### Work request:
Print the records below exactly. Omit every picture.

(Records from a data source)
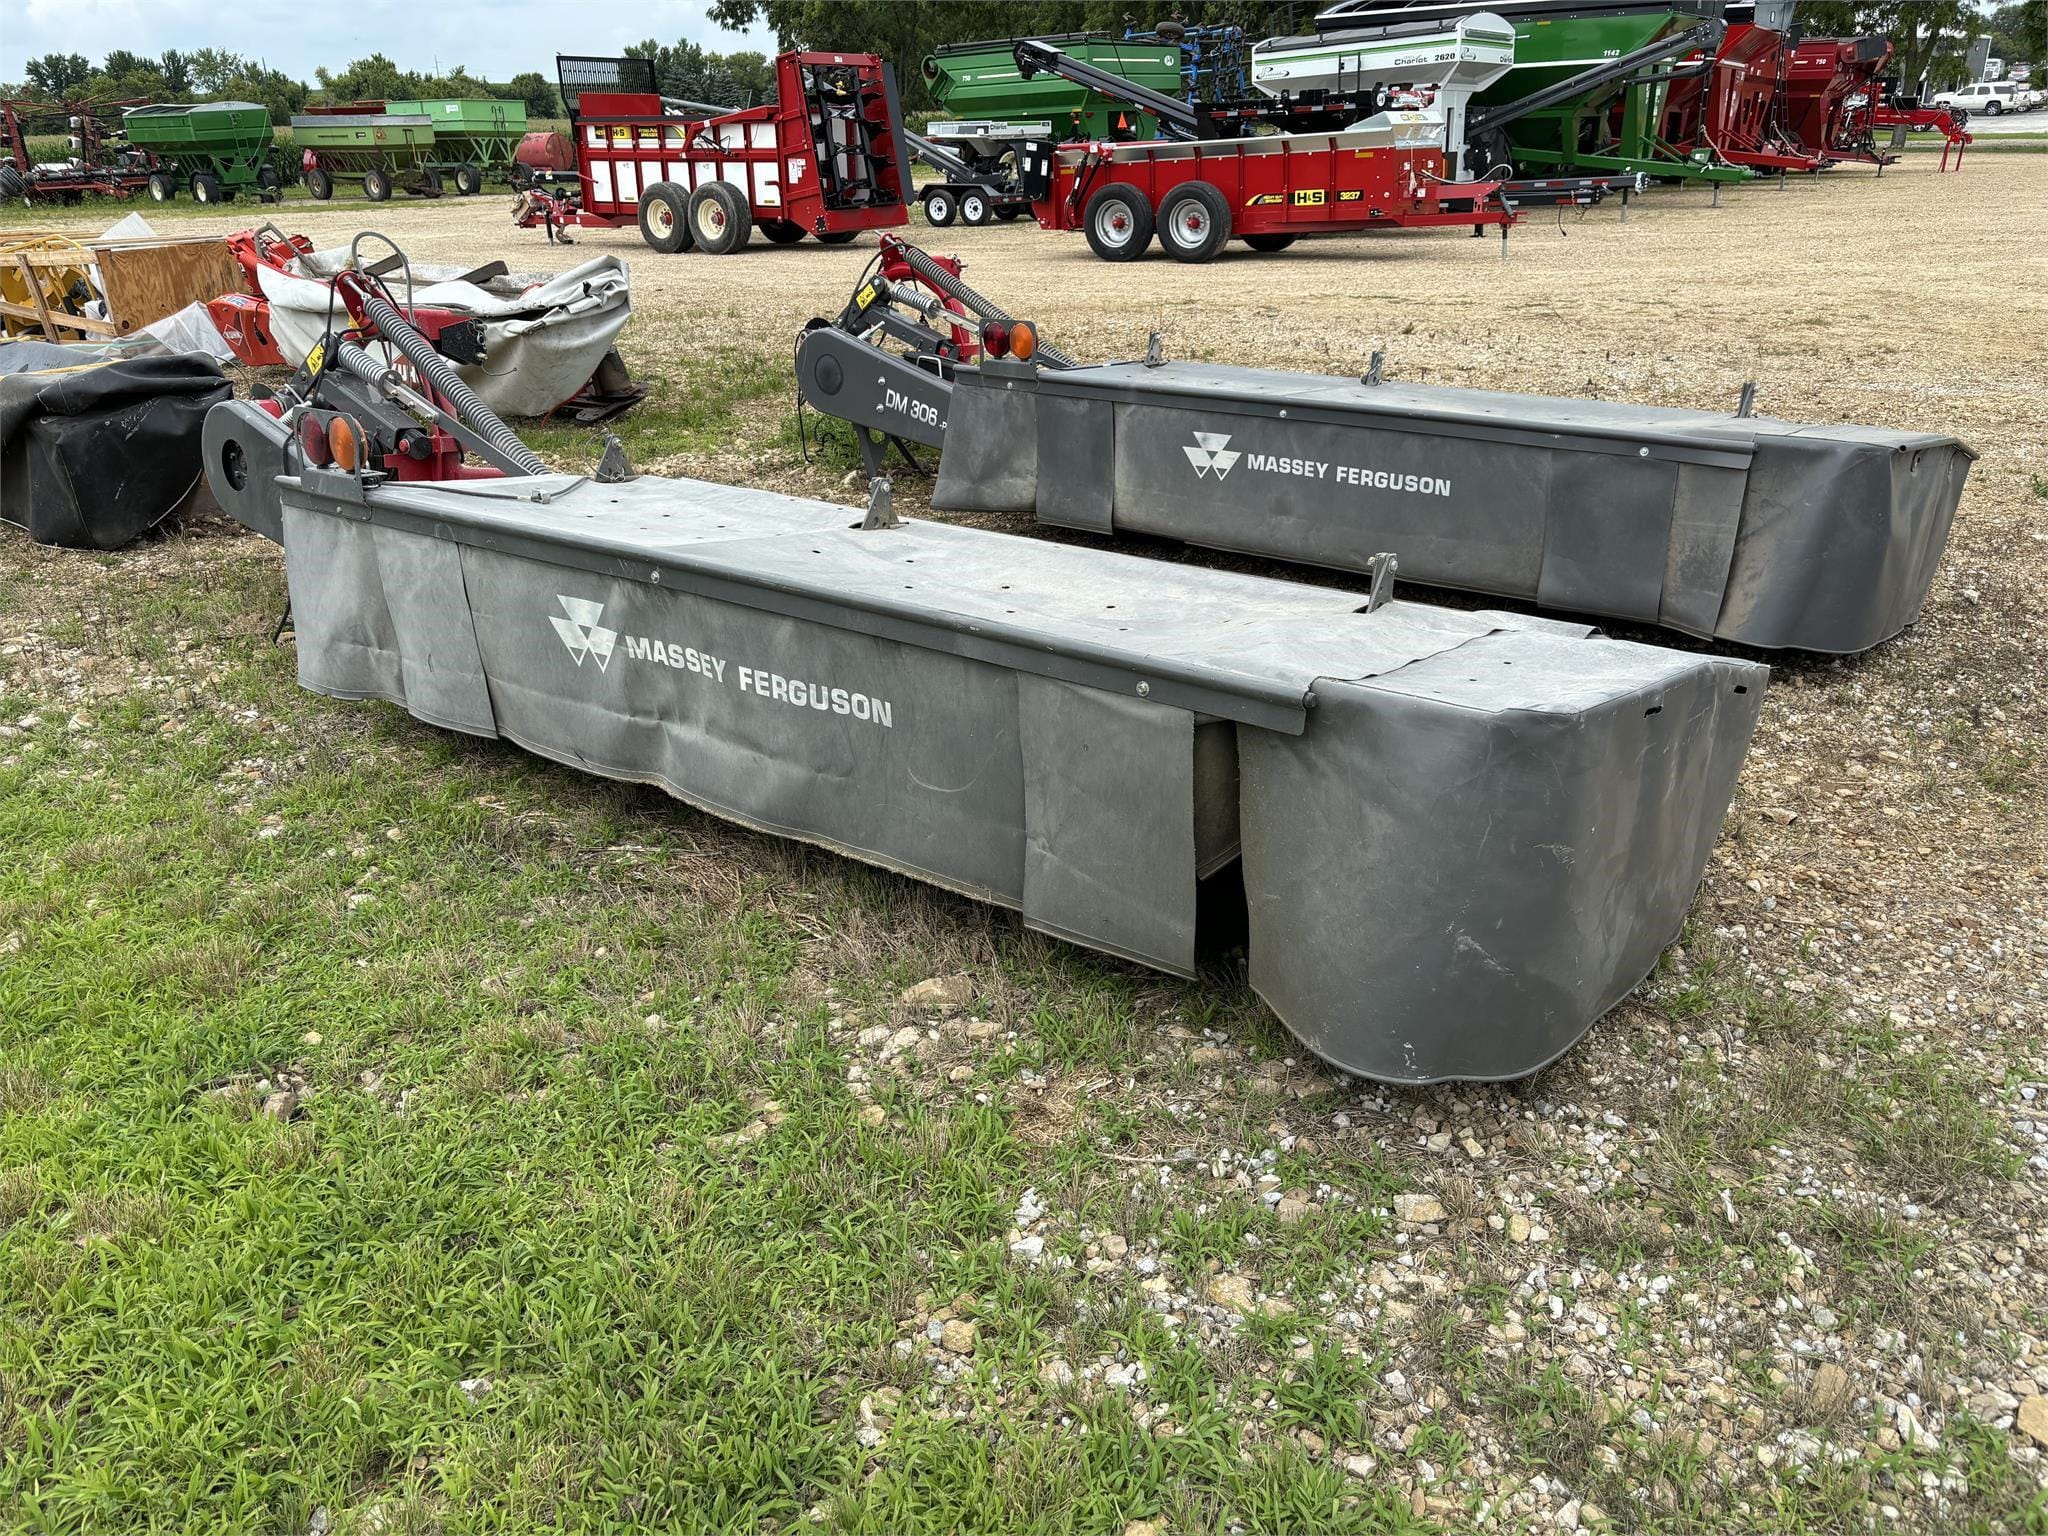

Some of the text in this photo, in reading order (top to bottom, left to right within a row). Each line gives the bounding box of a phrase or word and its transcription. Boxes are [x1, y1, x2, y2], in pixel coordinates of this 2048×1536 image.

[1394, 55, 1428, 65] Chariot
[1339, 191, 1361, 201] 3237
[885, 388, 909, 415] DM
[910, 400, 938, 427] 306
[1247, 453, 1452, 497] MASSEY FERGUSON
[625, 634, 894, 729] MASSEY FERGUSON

### Answer for the task:
Some of the text in this photo, in reading order (top to bottom, left to right within a row). Each line gives the bounding box of a phrase or word and its transcription. Boxes are [x1, y1, x2, y2], in pixel coordinates of this 2048×1536 image.

[1394, 55, 1428, 65] Chariot
[1339, 191, 1361, 201] 3237
[885, 388, 909, 415] DM
[910, 400, 938, 427] 306
[1247, 453, 1452, 497] MASSEY FERGUSON
[625, 634, 894, 729] MASSEY FERGUSON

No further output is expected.